Trial in Pa. School Funding Lawsuit Scheduled for Summer 2020

December 6, 2018 – Pennsylvania’s Commonwealth Court released on Thursday a briefing and trial scheduling order in the lawsuit challenging the state’s school funding system. The trial is tentatively set to begin in summer 2020. Judge Renée Cohn Jubelirer issued the order and will oversee the pre-trial proceedings.

“We’re very confident that we’ll be able to prove to the court that thousands of children in our state are deprived of the education they deserve, and that they have a constitutional right to receive,” Public Interest Law Center attorney Michael Churchill said. “The school districts who have joined our lawsuit know this is true, and students in underfunded schools know this is true.
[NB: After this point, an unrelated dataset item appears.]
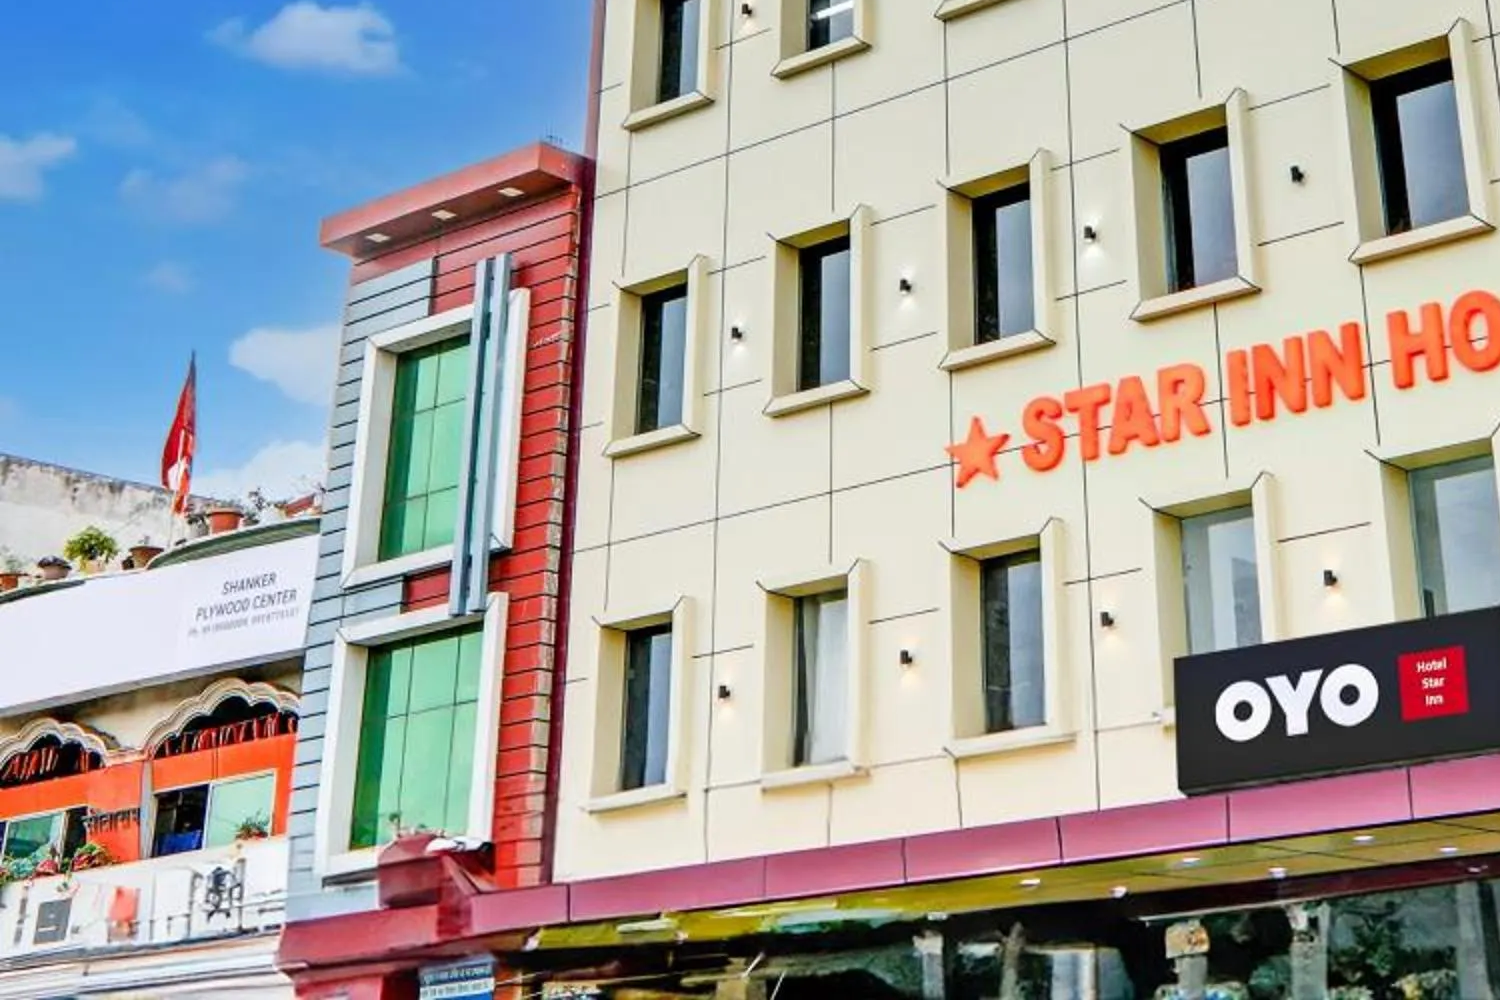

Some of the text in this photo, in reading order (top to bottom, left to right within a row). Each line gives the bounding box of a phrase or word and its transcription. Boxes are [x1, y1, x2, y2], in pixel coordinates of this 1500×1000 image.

The legislature has the power to fix this, whether they take action before 2020 or wait for us to win at trial.”

“We’re very confident that we’ll be able to prove to the court that thousands of children in our state are deprived of the education they deserve, and that they have a constitutional right to receive.”

Before trial, the parties in William Penn School District et al. v. PA Department of Education et al. will conduct extensive fact discovery and produce expert reports. Discovery is set to be completed by October 4, 2019. The parties will then have 60 days to file expert reports and rebuttals to these reports. Motions for summary judgment are due by February 4, 2020. The schedule is typical of how discovery has proceeded in other school funding cases.

Read the full order here.

“We are pleased that the court has set a timeline for bringing this case to trial so that legislative leaders cannot continue to postpone and delay,” said Education Law Center legal director Maura McInerney. “Every day that legislative leaders fail to act is a day that students are deprived of basic resources, and our children who need the most continue to get the least.”

The lawsuit was filed in 2014 by the Education Law Center and the Public Interest Law Center on behalf of parents, school districts, and statewide organizations, alleging that the state’s school funding system violates Pennsylvania’s constitution, due to significant underfunding and gross disparities in allocations that penalize students in low-wealth districts.

A brief filed by petitioners in the case in July 2018 found that state funding available for classroom expenses in Pennsylvania has declined in the years since 2013, falling by $155.3 million. The analysis from Keystone Research Center economist Mark Price showed that any increase in state education appropriations has not kept pace with rising costs, such as pension reimbursements and inflation. The brief also showed that the funding gap between typical low- and high-wealth districts in Pennsylvania ‒ the largest such gap in the nation ‒ had grown since the case was filed.

The petitioners in the case are six families, six school districts ‒ William Penn, Panther Valley, Lancaster, Greater Johnstown, Wilkes-Barre Area, and Shenandoah Valley ‒ the Pennsylvania Association of Rural and Small Schools, and the NAACP of Pennsylvania. In August, Commonwealth Court denied claims by legislative leaders that the lawsuit was rendered moot by the state’s adoption of a funding formula in 2016.